__The data__.
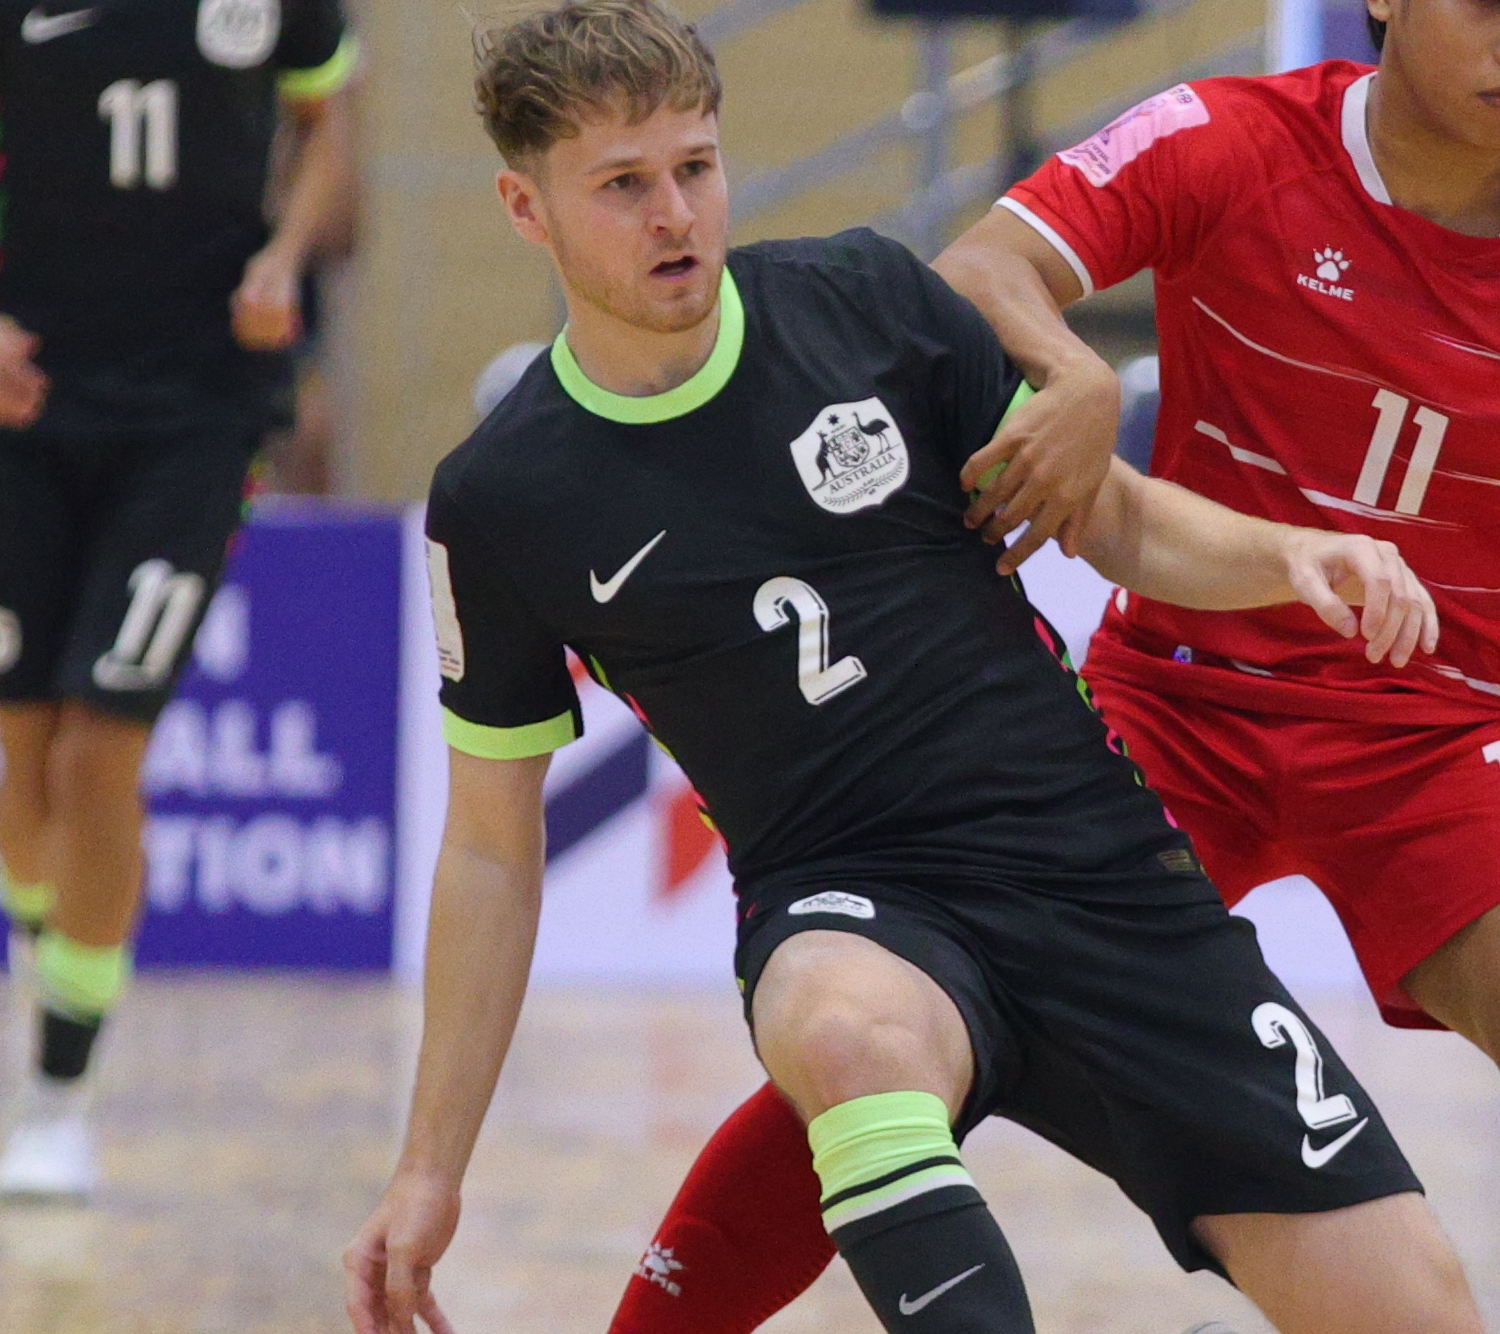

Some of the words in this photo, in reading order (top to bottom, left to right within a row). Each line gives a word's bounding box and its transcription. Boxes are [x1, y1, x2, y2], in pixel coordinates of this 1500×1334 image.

[97, 78, 180, 190] 11
[1296, 273, 1355, 302] KELME
[829, 452, 896, 494] AUSTRALIA
[1352, 387, 1450, 517] 11
[752, 575, 868, 707] 2
[1251, 1001, 1358, 1131] 2
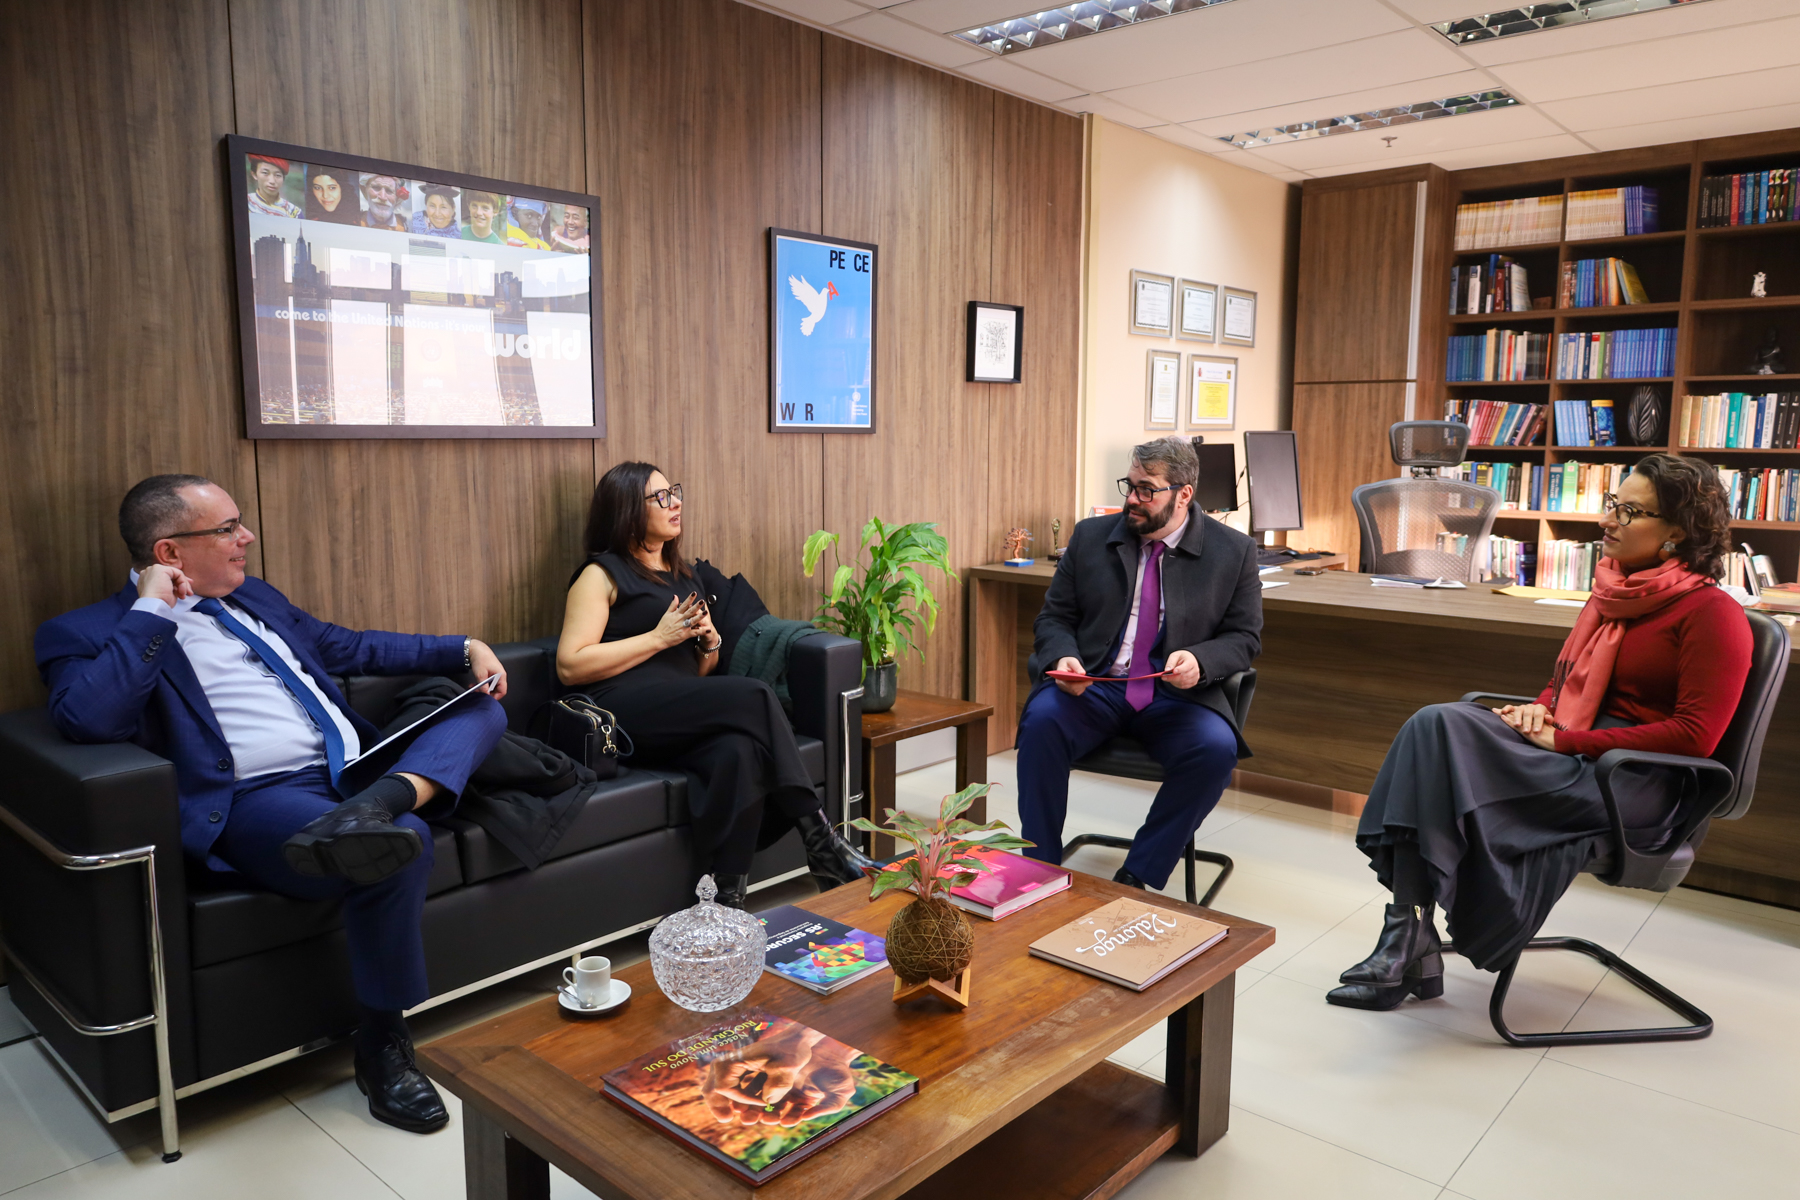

__Activity__. Without the pictures, please output every record exactly.

__Output of the task__.
Some of the words in this photo, in reading order (top to bottom, left to right within a row). Each line gives a word's bounding box and its transcription. Boxes are [x1, y1, x2, y2], in pixel coordinates of this 1500×1334 image.

[97, 78, 180, 190] 11
[1296, 273, 1355, 302] KELME
[829, 452, 896, 494] AUSTRALIA
[1352, 387, 1450, 517] 11
[752, 575, 868, 707] 2
[1251, 1001, 1358, 1131] 2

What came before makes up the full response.